ランキングのアドバイザリーボードには一橋大学名誉教授で、過去には慶應大学教授などを歴任した経済学者の石倉洋子氏が参加している。
さて、日本の人材競争力は世界何位なのか、早速見ていきたい。
日本の人材競争力は世界何位?
日本は先進国で教育水準も高く、ビジネス環境も整っていることを考慮すると、トップ10には入っているのではないかと考えた人は多いのではないだろうか。残念ながら日本はトップ10に入っていない。
1位はスイス。このシリーズで前回紹介した「世界技術革新力ランキング」でも1位だった国だ。2位はアジアで唯一トップ10入りとなったシンガポール、3位はルクセンブルクとなった。
スイス、シンガポール、ルクセンブルクといずれも国土が狭く、人口が少ない小国だ。しかし、2013年の1人当たり名目GDP(IMF調べ)では、スイス4位(8万1,276米ドル)、シンガポール8位(5万5,182米ドル)、ルクセンブルク1位(11万2,473米ドル)と経済的に豊かな国であることがうかがえる。
4~10位は、米国、カナダ、スウェーデン、英国、デンマーク、オーストラリア、アイルランドと、北米と欧州勢が大半を占めた。

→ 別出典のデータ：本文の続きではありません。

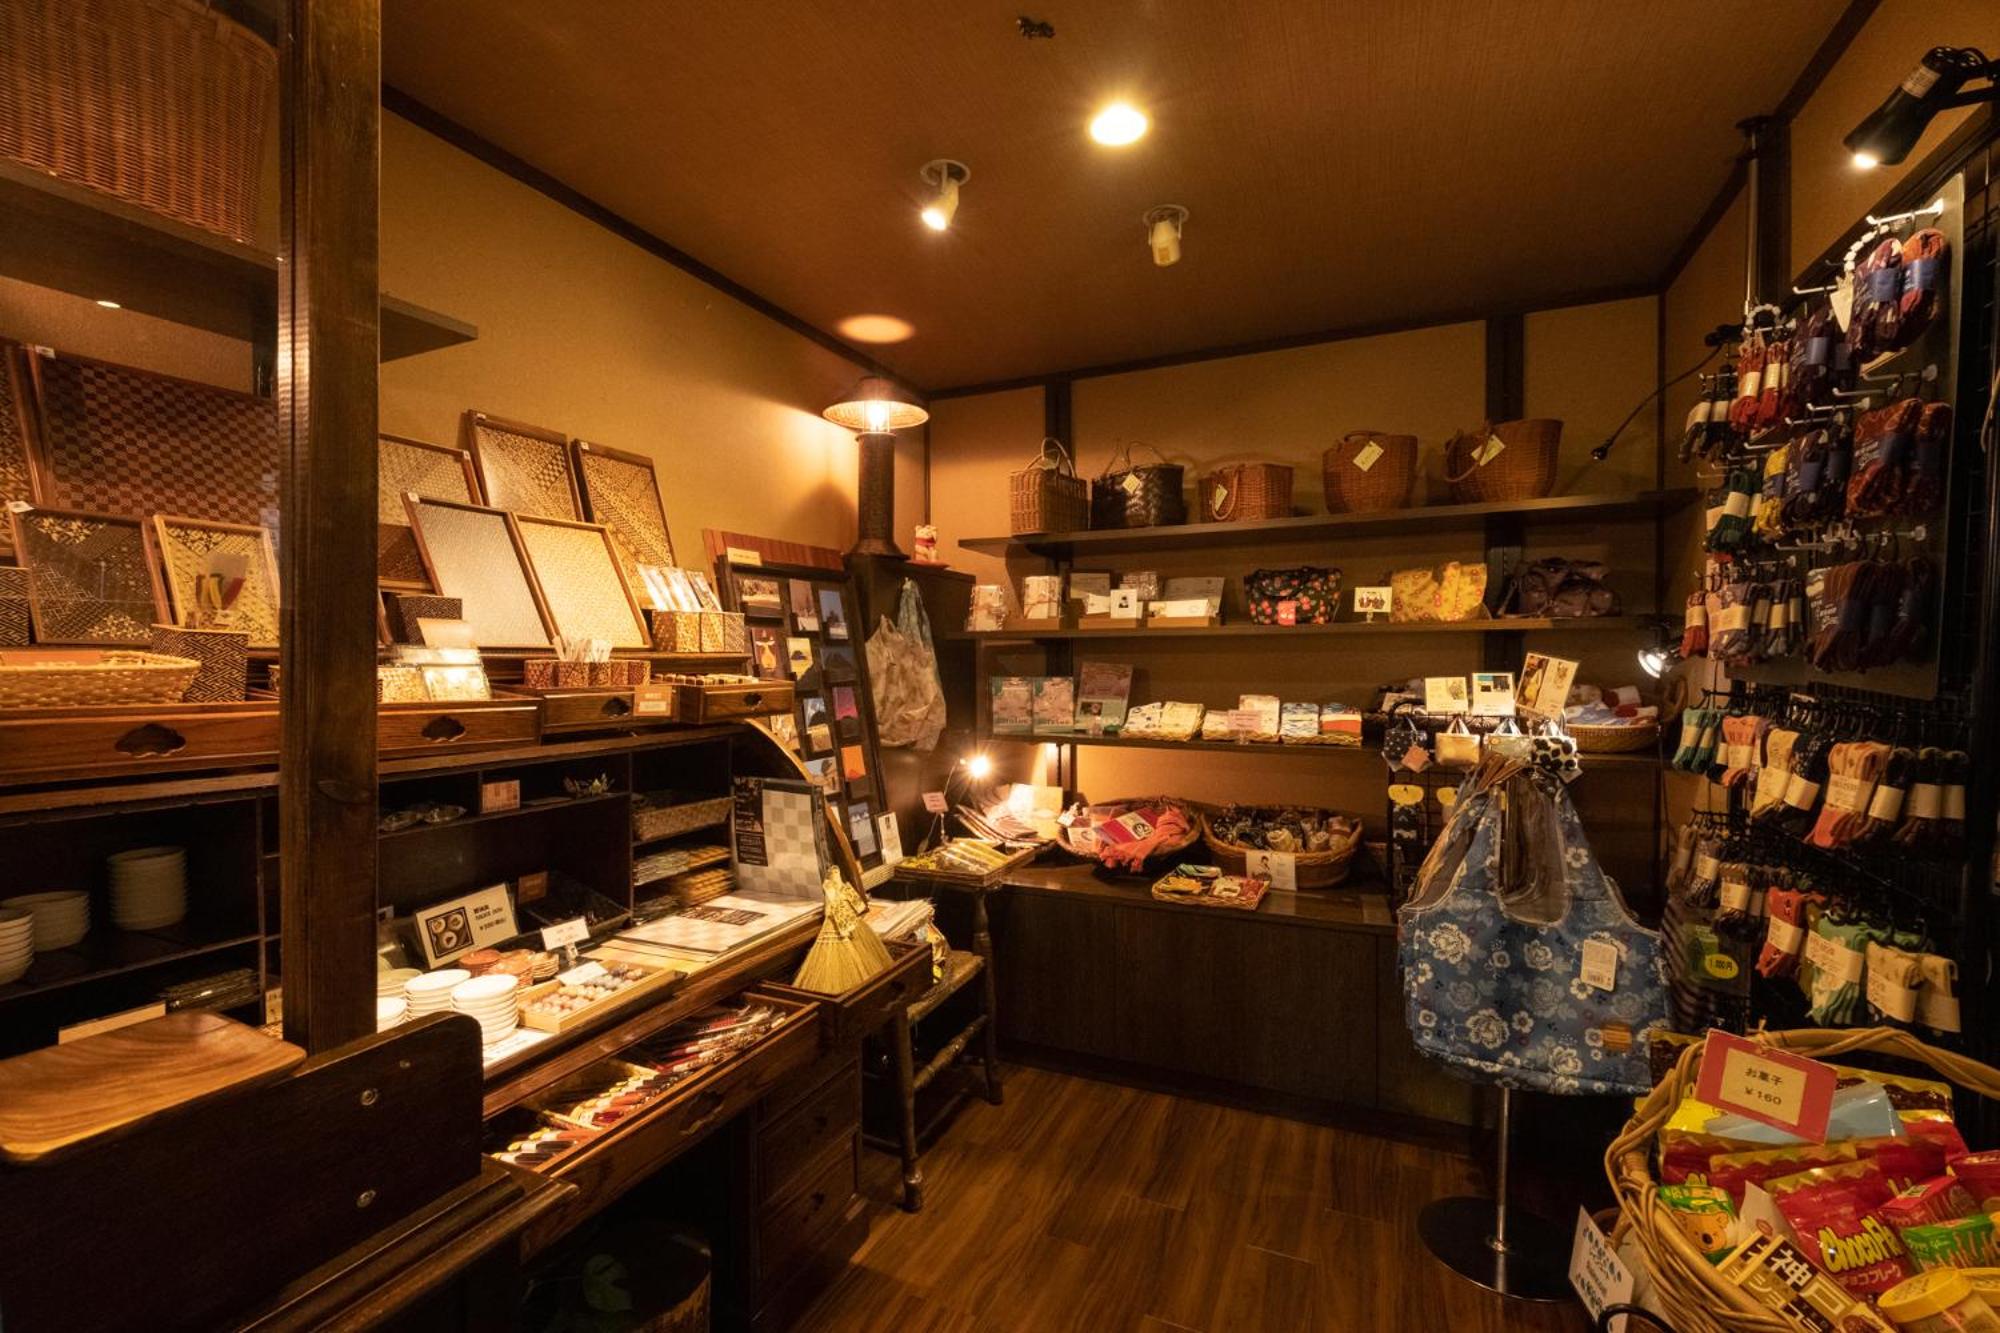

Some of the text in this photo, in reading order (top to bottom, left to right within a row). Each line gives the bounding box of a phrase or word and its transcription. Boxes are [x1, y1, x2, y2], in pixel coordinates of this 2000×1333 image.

さて気になる日本の順位だが、20位とあまり振るわなかった。ただし、アジア勢でトップ20に入ったのはシンガポールと日本のみなので、健闘したともいえる。なおこの人材競争力ランキングを作成したINSEADは、前回紹介した世界技術革新力ランキングの共同作成もしており、そのためこれら2つのランキングの評価方法は似ている。
INSEADは国の人材競争力を「人材が能力を発揮できる環境」「人材にとっての魅力度」、「人材の成長環境」、「人材維持」、「労働と職業」、「グローバル・ナレッジ」という6つの要素に分解している。各要素はさらに細かい下部要素で構成されている。下部要素別でも順位付けされ、それらを総合して全体の順位が算出される仕組みとなっている。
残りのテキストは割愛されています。